Introduction
Change Data Capture (CDC) is a critical pattern in modern data architectures that require real-time data integration. In this technical deep dive, we'll explore how ClickPipes—the native data integration solution in ClickHouse Cloud—implements CDC for MySQL databases. This article presents the internals of our MySQL CDC implementation for engineers and architects who want to understand the mechanisms that power reliable, high-performance database replication.
MySQL Replication Fundamentals
Let’s start by going over the fundamentals of replication in MySQL.
Binary Logs: The Foundation of MySQL CDC
MySQL's binary log (binlog) is the cornerstone of its replication architecture. It records all changes to database data and structure sequentially, as shown in the diagram below:
The binary log contains events representing:
- Data manipulation (INSERT, UPDATE, DELETE)
- Data definition (CREATE, ALTER, DROP)
- Transaction boundaries (BEGIN, COMMIT, ROLLBACK)

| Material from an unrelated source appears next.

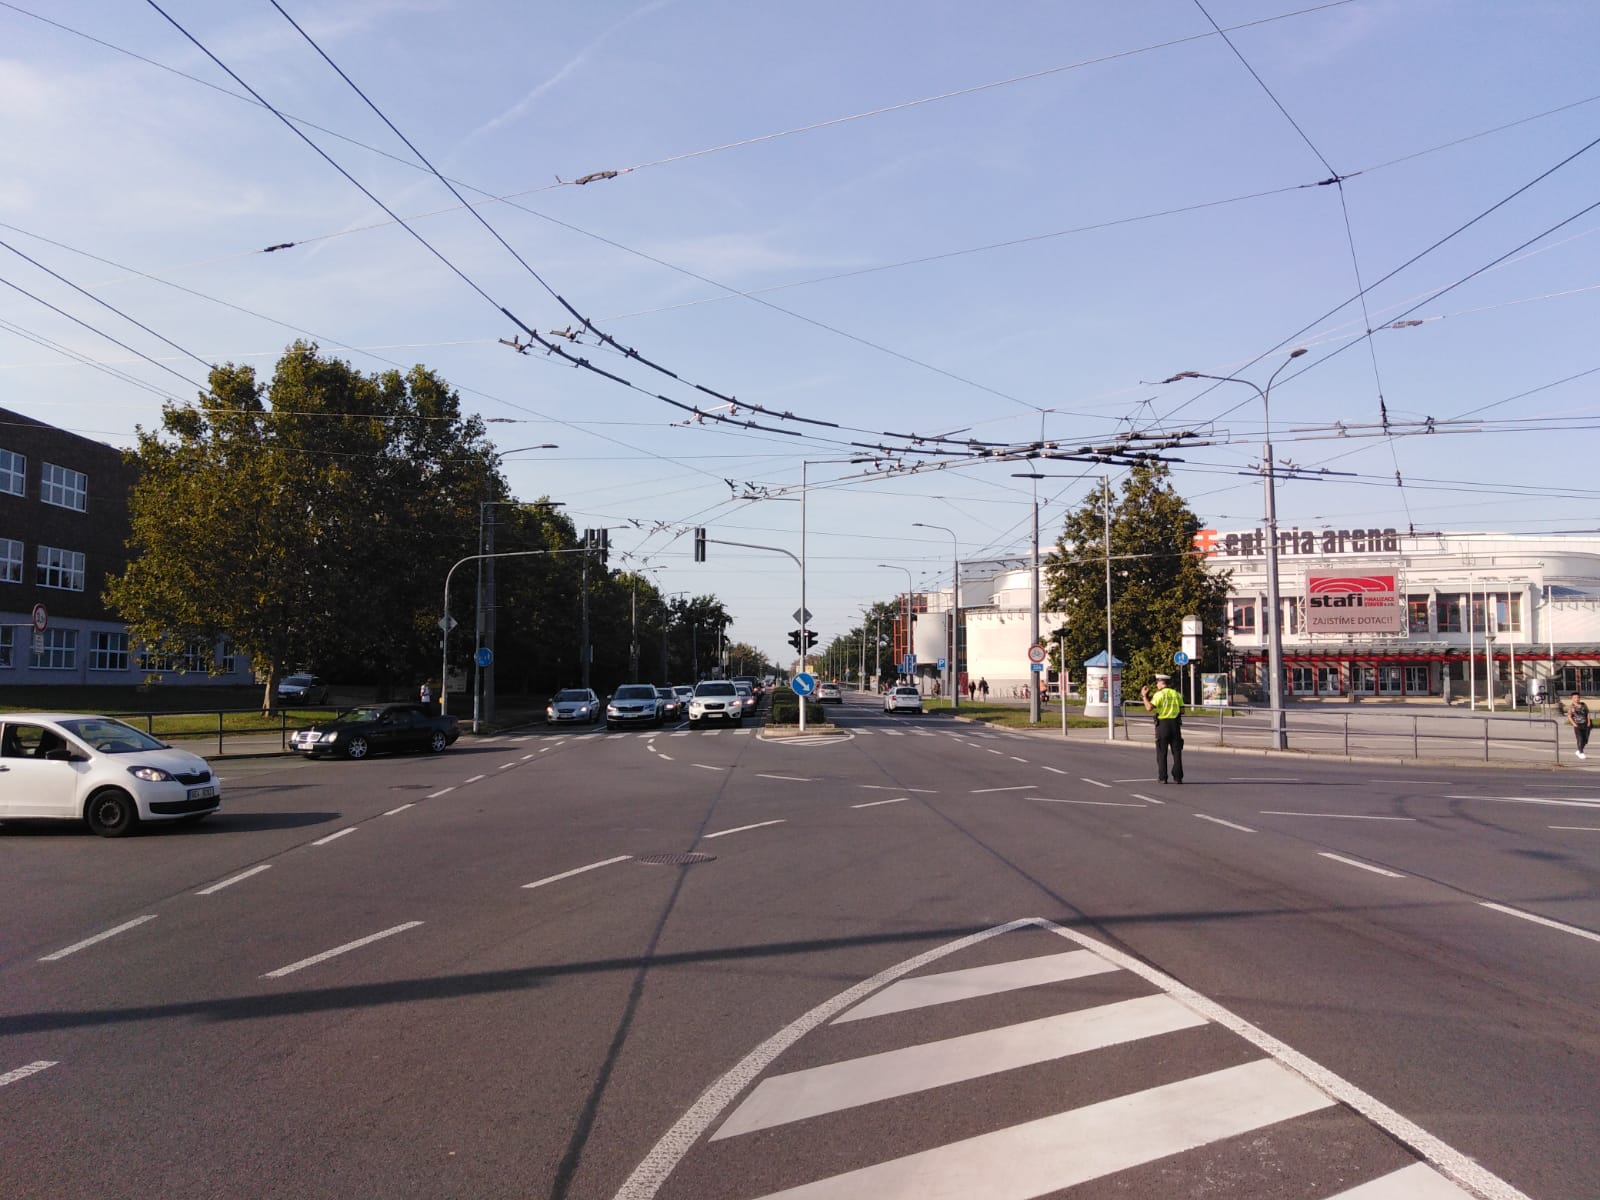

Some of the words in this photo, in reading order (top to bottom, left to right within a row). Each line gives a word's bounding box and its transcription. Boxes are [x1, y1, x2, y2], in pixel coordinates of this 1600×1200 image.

Each binary log event has an event header with metadata (timestamp, server ID, etc.) and an event body with the actual change data.
Binary Log Formats
MySQL offers three binlog formats:
- STATEMENT: Logs SQL statements
- Small log size
- Non-deterministic functions may cause replication issues
- Not suitable for CDC
- ROW: Logs changed rows
- Records before/after images of changed rows
- Highest fidelity but larger log size
- Required for CDC
- MIXED: Uses STATEMENT by default, switches to ROW when needed
- Not suitable for CDC
Prerequisite — binlog_row_image = FULL
ClickPipes needs every row change in the MySQL binary log to carry the complete before- and after-image, so the source must run with binlog_row_image='FULL' (this is the default in MySQL 8.x). Lighter modes such as MINIMAL or NOBLOB drop unchanged columns to save space, but they prevent ClickPipes from replaying updates idempotently and from handling primary-key rewrites safely. The change to binlog_row_image = FULL mainly increases UPDATE-heavy binlogs, while inserts and deletes stay the same, so the overhead is usually modest.

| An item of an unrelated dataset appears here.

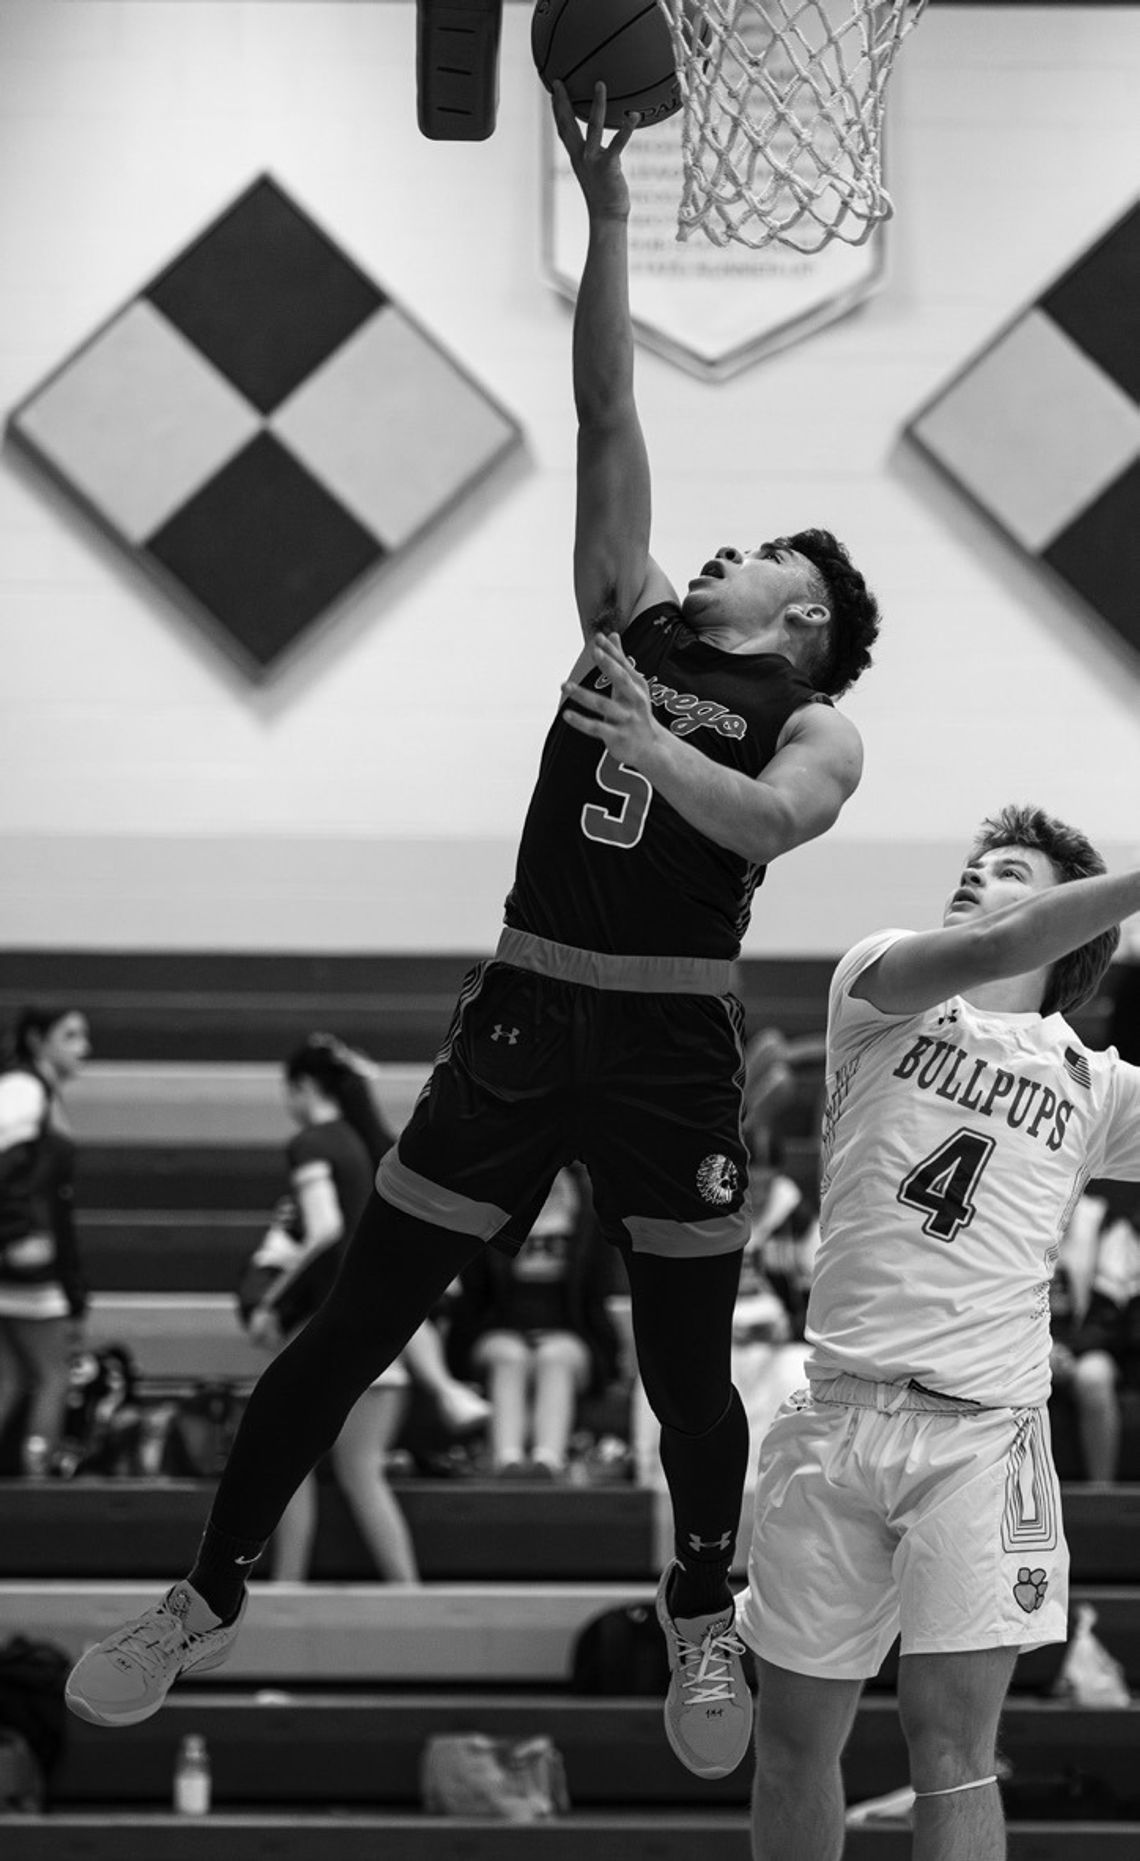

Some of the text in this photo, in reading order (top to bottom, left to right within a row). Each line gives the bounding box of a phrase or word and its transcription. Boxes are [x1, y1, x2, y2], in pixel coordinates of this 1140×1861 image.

[580, 748, 653, 849] 5
[892, 1035, 1075, 1151] BULLPUPS
[896, 1126, 997, 1243] 4

Global Transaction Identifiers (GTIDs)
GTIDs provide a consistent way to identify transactions across servers:
GTID = source_id:transaction_id
Example GTID set: 123e4567-e89b-12d3-a456-426614174000:1-1000,2000-3000
Benefits of GTID-based replication:
- Transaction tracking across server restarts
- Simpler failover and high availability
- Easier replication topology changes
ClickPipes MySQL CDC Architecture
ClickPipes implements CDC for MySQL through a robust architecture that handles both initial data loading and continuous replication.
Architecture Overview
The diagram below shows the architecture of MySQL CDC in ClickPipes:
The ClickPipes MySQL CDC pipeline consists of several key components:
- Connection Management: Establishes and maintains connections to the source MySQL database
- Binlog Syncer: Connects to MySQL's binary log stream
- Event Processor: Processes binary log events into structured change records
- Schema Registry: Tracks the structure of source tables
- Checkpointing: Records progress to enable resumption after failures
- Transformation Layer: Converts MySQL types to ClickHouse types
- Sink Layer: Writes data to ClickHouse efficiently
Connection and Setup
When a MySQL CDC flow starts, ClickPipes:
- Validates MySQL configurations
- Ensures binlog_format = 'ROW'
- Checks binlog_row_image = 'FULL'
- Verifies binlog retention settings
- Examines replication capabilities
- Detects GTID support
- Establishes replication position
- Extracts table schemas
- Retrieves column definitions and types
- Identifies primary keys
- Maps MySQL types to ClickHouse types
Initial Data Loading
Before streaming changes, ClickPipes performs an initial snapshot:
This process:
- Creates a consistent snapshot of the data
- Sets up the target tables in ClickHouse
- Records the binlog position or GTID to start streaming from
Streaming Changes
After initial loading, ClickPipes streams changes continuously:
The streaming process:
- Connects to MySQL's binlog stream
- Processes events in transaction order
- Converts row events to structured change records
- Applies changes to ClickHouse
- Updates checkpoints to track progress
GTID vs. Binlog Position-Based Replication
ClickPipes supports both replication methods:
GTID-Based Replication
GTIDs provide a logical, consistent way to track transactions. When a transaction completes, the GTID set is updated and stored in the checkpoint. This mechanism supports efficient resumption and is resilient to server restarts or topology changes.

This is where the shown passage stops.